Recent, well-known PPP projects in Thailand include the BTS Sky Train and MRT Metro, which were cooperation between the private sector and the Bangkok Metropolitan Authority and the Mass Rapid Transit Authority of Thailand, respectively. The MRT Blue Line extension is another example of a PPP project currently under negotiation.
Thailand has a specific law to govern PPP activities, namely the Act on Private Participation in State Undertaking B.E. 2535 (1992) (the “Act”). Whilst co-operation between the government and the private sector is developing and will likely increase substantially in the future, there are a number of issues arising from the current Act.
The current Act is focused on preventing corruption when granting rights to a private developer to operate or develop a project involving state property as its approval process puts the project (and its developers) under scrutiny, particularly for large PPP projects (value over Baht 1 billion). However, this is an obstacle to investment as it emphasizes bureaucratic government internal processes which results in time-consuming procedures. Due to a lack of clarity regarding the definitions and the scope of operation of the Act, some projects fall outside the scope of the Act, such as BOO (Build Own Operate) or turnkey projects since they do not involve any right to operate or use state property. In addition, the act lacks a methodology for project valuation and procurement methods. Nor is there a methodology or basis for risk allocation or private sector burden when projects are not commercially practical. Thus, many project requests have been submitted to the Council of State for clarification and interpretation.

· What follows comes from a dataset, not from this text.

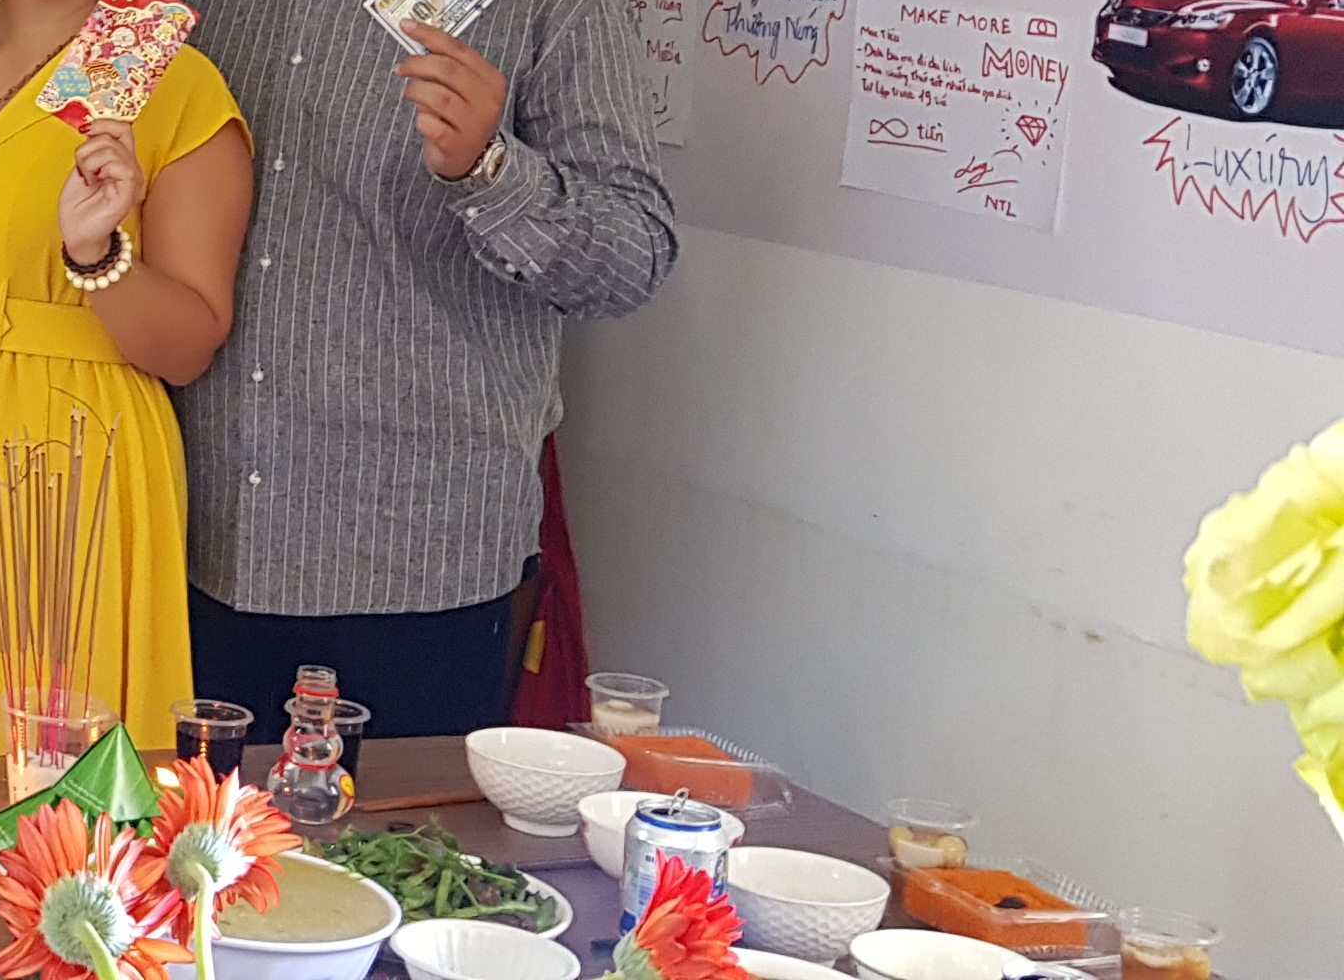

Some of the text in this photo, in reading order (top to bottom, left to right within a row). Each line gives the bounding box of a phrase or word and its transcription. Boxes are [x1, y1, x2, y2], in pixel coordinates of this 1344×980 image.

As there is no central agency responsible under the Act, numerous government authorities are involved as different government agencies have jurisdiction over different projects. For example, for a project involving new state assets (to be constructed), the developer must submit the project feasibility study to the National Economic and Social Development Board which is the central planning agency. However, a project feasibility study for a project in relation to existing state assets must be submitted to the Ministry of Finance. Finally, the relevant agencies often lack the necessary technical, administrative and legal support to oversee large complex projects.
The Act also fails to set out the standard terms of agreement applicable to PPP projects and does not specify the amount of supervision to be undertaken by the state agencies i.e. when should the state intervene in the public interest, in what circumstances can the state unilaterally amend the contract terms, when are contracts renewed, termination of contracts and penalties etc.

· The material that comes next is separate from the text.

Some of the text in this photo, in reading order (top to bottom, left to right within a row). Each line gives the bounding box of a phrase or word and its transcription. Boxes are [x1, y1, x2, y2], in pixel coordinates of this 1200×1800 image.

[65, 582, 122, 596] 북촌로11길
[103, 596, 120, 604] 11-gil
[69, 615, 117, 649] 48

As such, the government of Thailand has recently revised certain provisions of the current Act to provide a more streamlined process, reduce conflicting interests, and include a broader definition of what constitutes a PPP. It also addresses some concerns for certain types of project. It is therefore anticipated that the new revision will provide for a more systematic and efficient framework for the consideration and implementation of PPP projects.
From reports, some provisions are suggested to be revised. The definition of “Project” would be revised to include an investment in a state undertaking. “Participate” would mean “joint investment with a private individual by any means whatsoever or to entrust a private individual to invest solely by means of licensing or the grant of a concession or the granting of rights in any manner whatsoever”.
The project value of investment in a state undertaking, and the fund or assets may not be changed (one billion baht). However, it is yet to be finalized. Reports suggest amounts ranging from 2 to 5 billion. The project agency would be permitted to propose an amendment to the project agreement terms by submitting a report setting out the need to amend the terms specified in the project agreement.
The project agency may be granted a right to terminate a project early in some occurrences, for example, when a private operator abandons the project or fails to comply with the terms of the participation agreement, forges any document/makes a false statement, fails to make any payment due to the project agency, becomes insolvent (or was previously insolvent), or was sentenced to imprisonment by a final court judgment. Finally, criminal offences may be imposed in relation to any violation of specific provisions under the revised Act.
The amendment to the PPP law will likely be the largest challenge facing Thailand in amending its PPP landscape over the short and long term. The political situation remains unstable and is unable to deliver the top-down political support that will be necessary for a major institutional amendment. We must merely wait and see whether the new government will approve this long awaited draft PPP legislation or whether the bill will see the light of day in the new parliament.